'Bring back exploration'
'More rpg focus'
'The MAKO is back'
One of the big consistent critics of this game in the interviews is that it's full of busy work - vast amounts of things to do, but backed up by poor writing and characterization.
The highest reviewed game in the series is the one which stripped out *all* the busy work and so called 'RPG mechanics' to focus purely on character writing and well crafted combat encounters. Where every single mission was unique, with a plot and detail that made it interesting, and a unique aspect. Even killing mercs in a swamp had a graphic effect and mechanic that didn't occur anywhere else in the game.

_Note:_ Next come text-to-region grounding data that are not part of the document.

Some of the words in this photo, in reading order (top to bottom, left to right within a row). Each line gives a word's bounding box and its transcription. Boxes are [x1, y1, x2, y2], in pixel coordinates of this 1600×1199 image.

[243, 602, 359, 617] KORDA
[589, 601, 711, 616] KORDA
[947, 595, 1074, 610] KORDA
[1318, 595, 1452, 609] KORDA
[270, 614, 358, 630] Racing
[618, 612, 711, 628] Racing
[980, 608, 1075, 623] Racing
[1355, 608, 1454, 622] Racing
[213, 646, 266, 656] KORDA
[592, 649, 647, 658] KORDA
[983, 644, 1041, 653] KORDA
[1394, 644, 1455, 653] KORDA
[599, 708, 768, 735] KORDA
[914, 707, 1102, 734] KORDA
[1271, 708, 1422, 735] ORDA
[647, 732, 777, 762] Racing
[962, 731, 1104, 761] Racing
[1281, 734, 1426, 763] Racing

There's always been a vocal crowd of people who preferred ME1 to the others, and miss the 'exploration' that offered. Bioware tried to give us exploration in this game, and so far it doesn't seem to have worked that well as a complete package.
Great post.
Also when it comes to actually exploring different cultures, Mass Effect 2 did that better as well.
The first Mass Effect was just the set up, after you leave the citadel you are just running after Saren, the Protheans and the Reapers on one uninteresting world after another. Therum is a big nothing of a planet, it exists only for us the rescue Liara, who is awful in the first game. Feros, another human colony, this one housing a Saren/Prothean exposition machine in the form of the Thorian. Virmire, the D-Day planet, it's just a big war section really, with the Reapers finally revealing themselves at end. Illos, more Prothean and Reaper stuff, i.e. the two least interesting things in this series. Noveria is all right.

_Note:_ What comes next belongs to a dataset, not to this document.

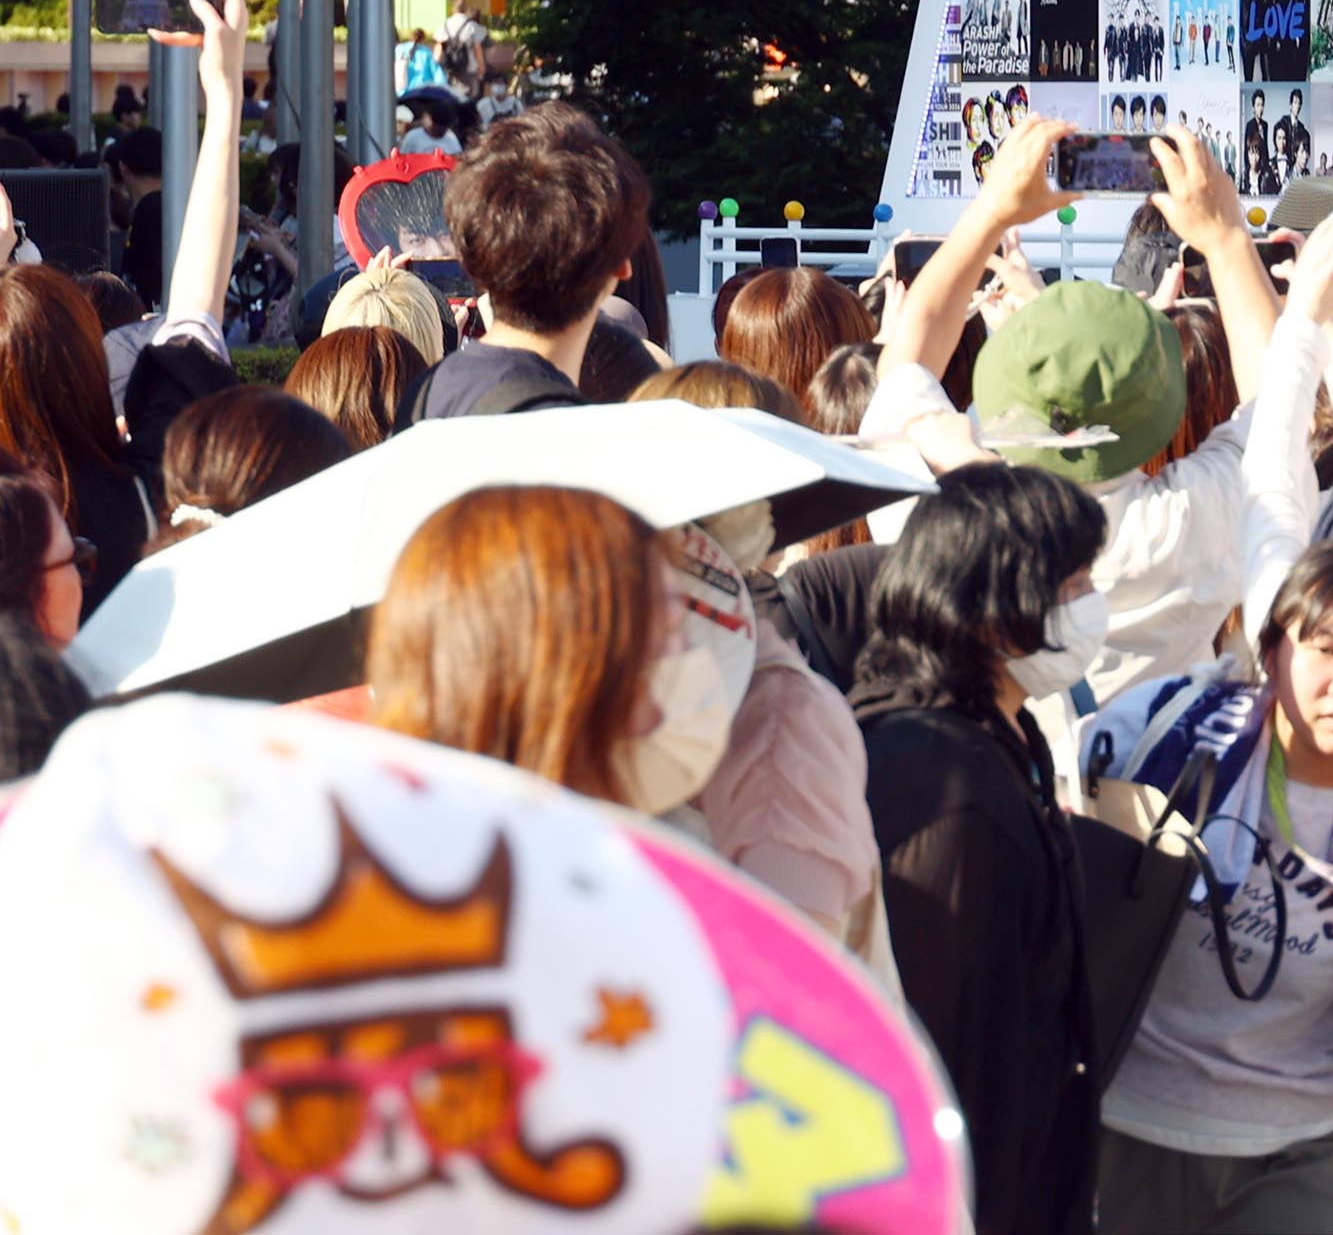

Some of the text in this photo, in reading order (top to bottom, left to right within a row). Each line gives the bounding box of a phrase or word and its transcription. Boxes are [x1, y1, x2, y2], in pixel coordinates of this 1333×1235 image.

[1247, 0, 1305, 42] LOVE
[963, 25, 1000, 39] ARASHI
[963, 40, 1011, 56] Power of
[963, 57, 1029, 74] the Paradise

In Mass Effect 2 you actually went to the cultural hubs of the galaxy and learned from them, be it Tuchanka where you explore the history of the genophage with Mordin, or Krogan rights of passage with Grunt; Illium, a ruthless Asari commerce world where we meet Samara whose strict code of justice clashes well with the planet's glamorous but deeply corrupt Asari corporate culture; Omega, the Terminus Systems' (which we basically know nothing about at this point) seedy and lawless counterpart to the citadel where we meet Garrus again, who finally all but abandoned his sense of justice, and Mordin who serves instrumental later on in filling out the joint history of the Krogans and the Salarians, or the Migrant Fleet where the Quarian culture and by extension Tali finally comes alive and becomes interesting.
That's without mentioning Thane, who introduces us to the Drell, and Legion, who basically does the same thing for the Geth.